Божья коровка

Любовь Скорик
   Ходили невнятные слухи, будто некогда Аныванна была молодой. Однако в эту нелепицу ни за что не верилось. Тем более, что подтвердить её своими личными воспоминаниями никто из соседей уже не мог. Но было доподлинно известно, откуда она во дворе нашем взялась. Якобы в немыслимые доисторические времена (меня ещё и на свете-то не было), в день, когда пришёл на станцию поезд из какого-то мифического Харбина, в калитку впорхнула расфуфыренная барышня. В одной руке она держала небольшенький баульчик, другой же прижимала к себе совсем крохотную собачонку. Незнакомка представилась Анютой и попросилась ненадолго в брошеный завалившийся флигелёк.

   – Нас с Майкой скоро заберут отсюда, – уверяла нечаянная гостья, – как только придёт следующий поезд из Харбина.
С тех пор утекли десятилетия, а Майку с её хозяйкой так никто и не забирал. Не больно-то они нужны и в нашем дворе. Да куда ж их денешь? Вросли уж тут, не выкорчевать. Оказались обе на диво к жизни не приспособленными, не соседи – так, верно, и не выжили бы.

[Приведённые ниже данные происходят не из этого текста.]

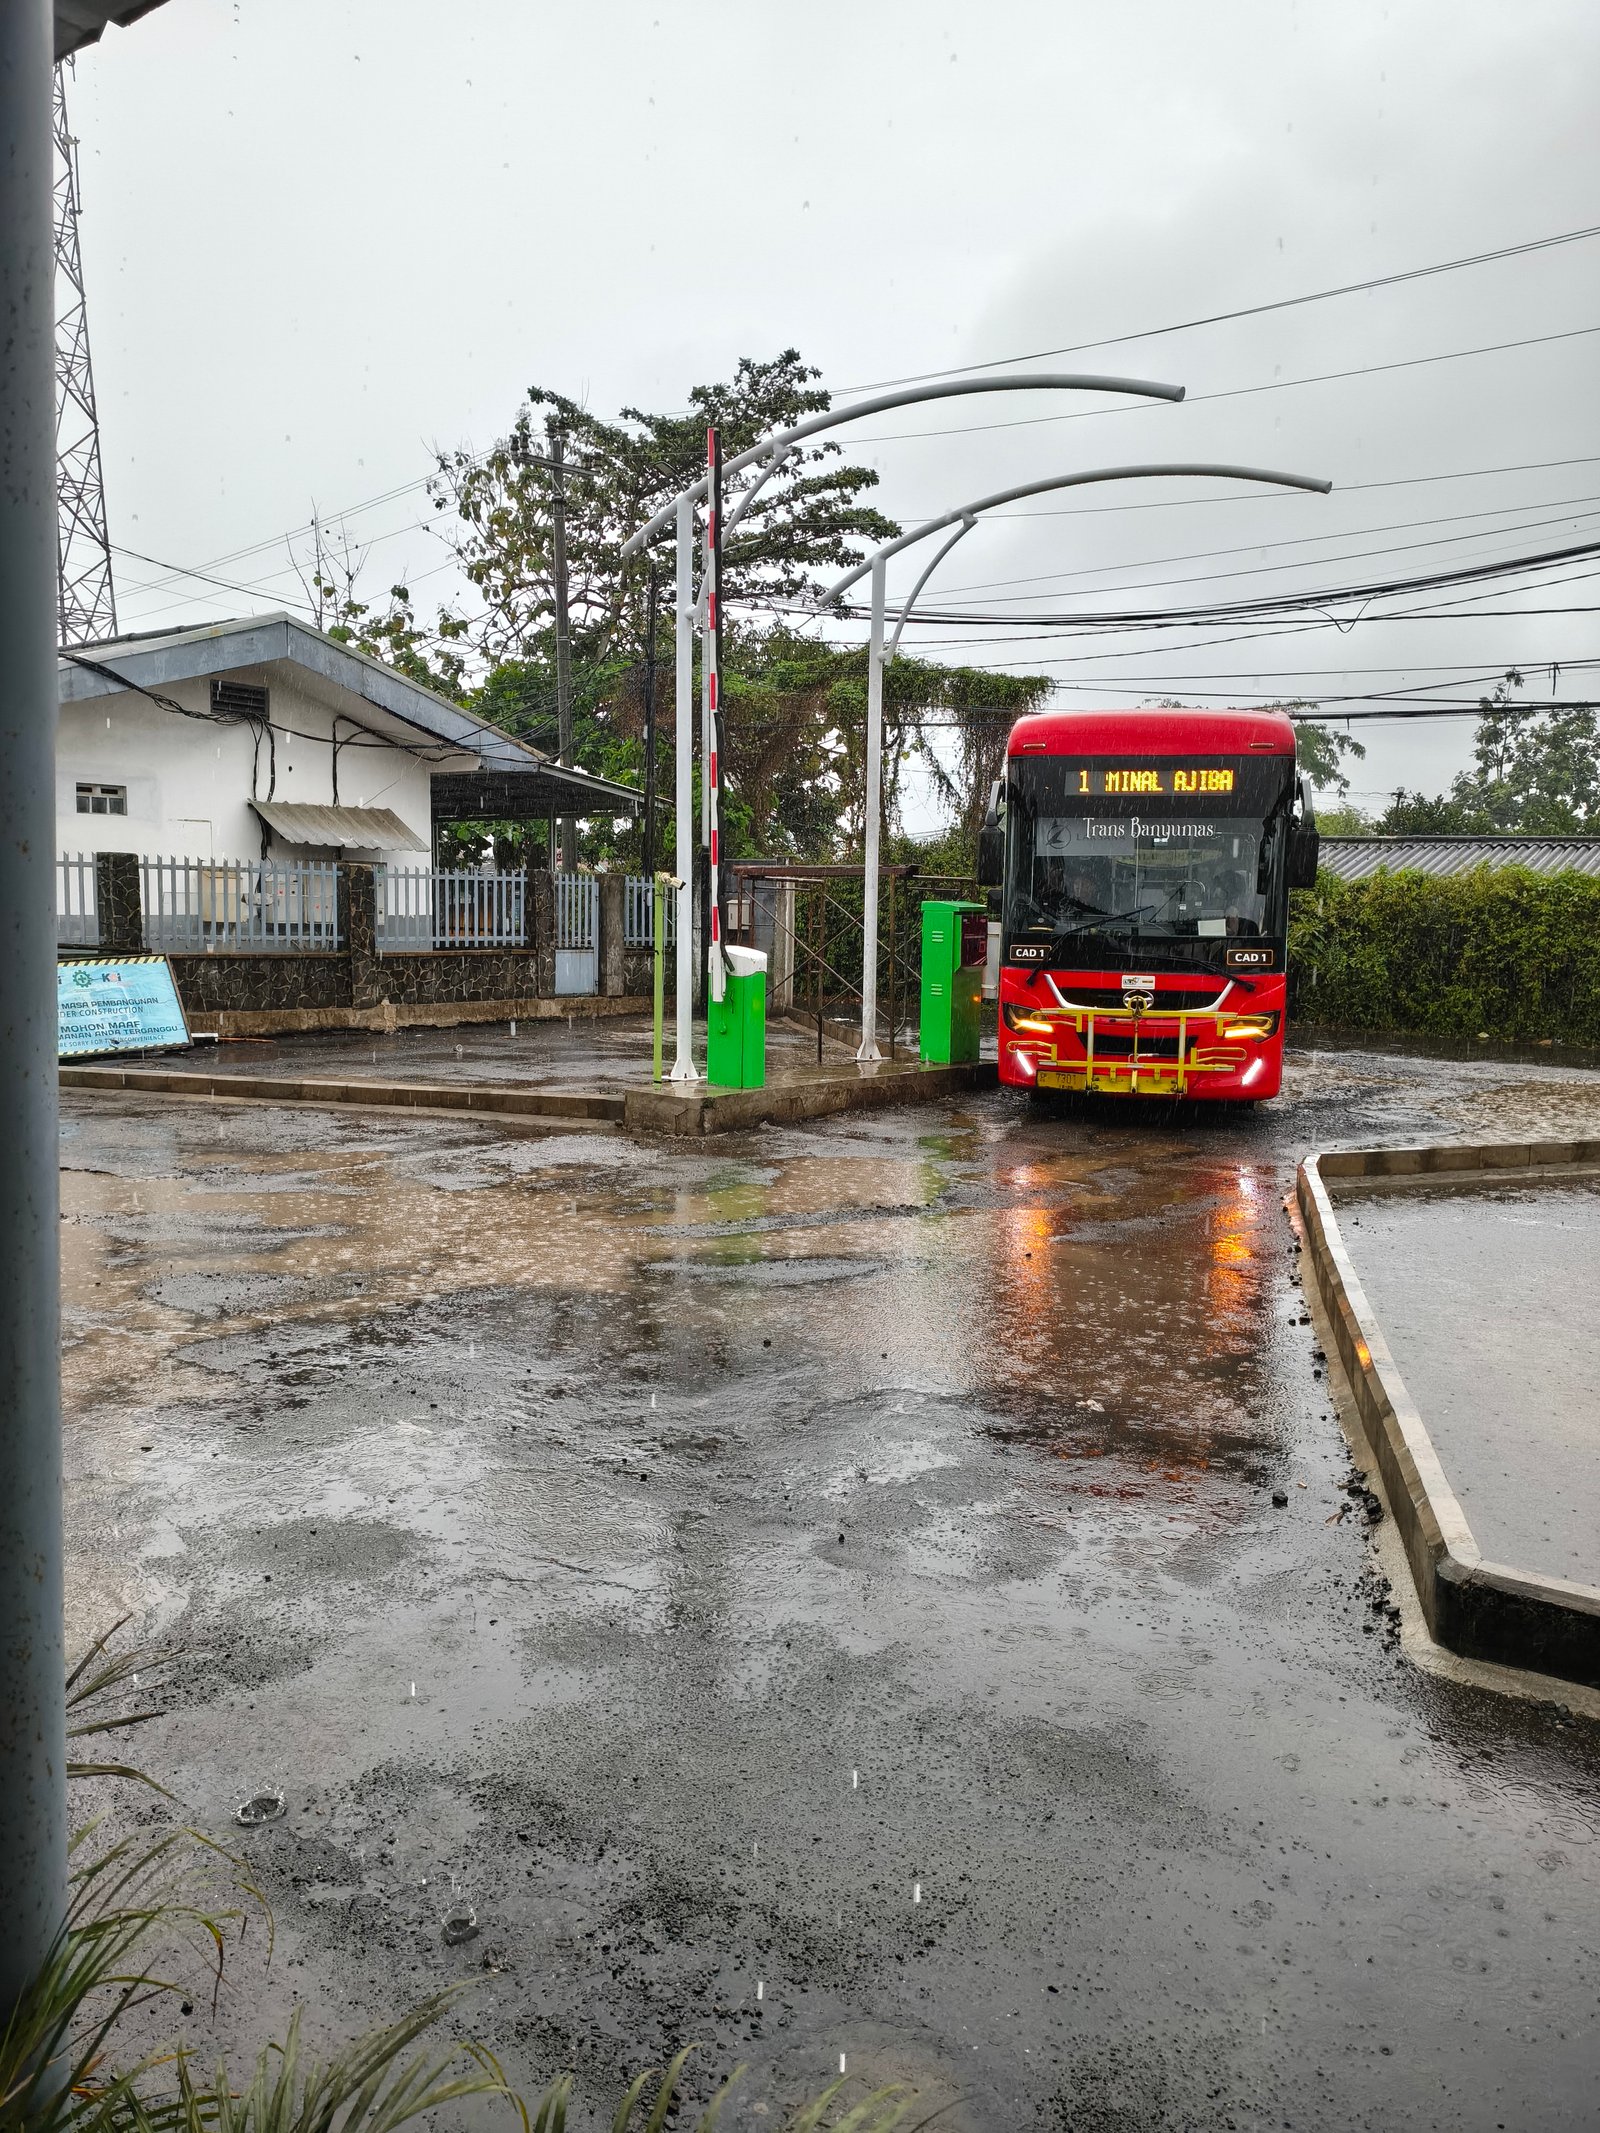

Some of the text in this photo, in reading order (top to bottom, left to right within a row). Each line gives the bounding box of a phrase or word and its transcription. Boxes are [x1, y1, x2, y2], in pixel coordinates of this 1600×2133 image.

[1079, 770, 1090, 792] 1
[1105, 770, 1163, 792] MINAL
[1082, 816, 1214, 839] Trans Banyumas
[1015, 948, 1045, 958] CAD 1
[1234, 953, 1267, 962] CAD 1
[61, 997, 159, 1010] MASA PEMBANGUNAN
[79, 1006, 144, 1017] CONSTRUCTION
[60, 1020, 141, 1033] MOHON MAAF
[94, 1029, 121, 1037] ANDA
[123, 1025, 178, 1035] TERGANGGU

Благо, дом – коммунальный, большой и жильцов в нём предостаточно. Сообща подправили флигелёк, печурку, устроили топчан для спанья, понатаскали кое-какого барахлишка. Скоро выяснилось, что придётся их всем вместе ещё и кормить. Они не просили. Но когда по нескольку дней их не видели во дворе и находили в хибарке на топчане с мутными от голода глазами, просто приносили какую-нибудь малость.
Майка не могла самого простого собачьего дела – добыть себе хоть какой нибудь жратвы, ухватить плохо лежавший кусок, выпросить или даже отыскать на помойке. Она только смотрела на свою хозяйку умоляюще, не умея даже потребовать.

   – Сразу видать – заграничная собака, не нахальная, – толковали соседи. – Говорят, ещё в Харбине хахаль Аннушке подарил. Дак она, голубушка, из-за этой пучеглазой даже чемодан с вещами там оставила – руки-то третьей нету, чтобы тащить её, эту тварь, тьфу ты, прости господи.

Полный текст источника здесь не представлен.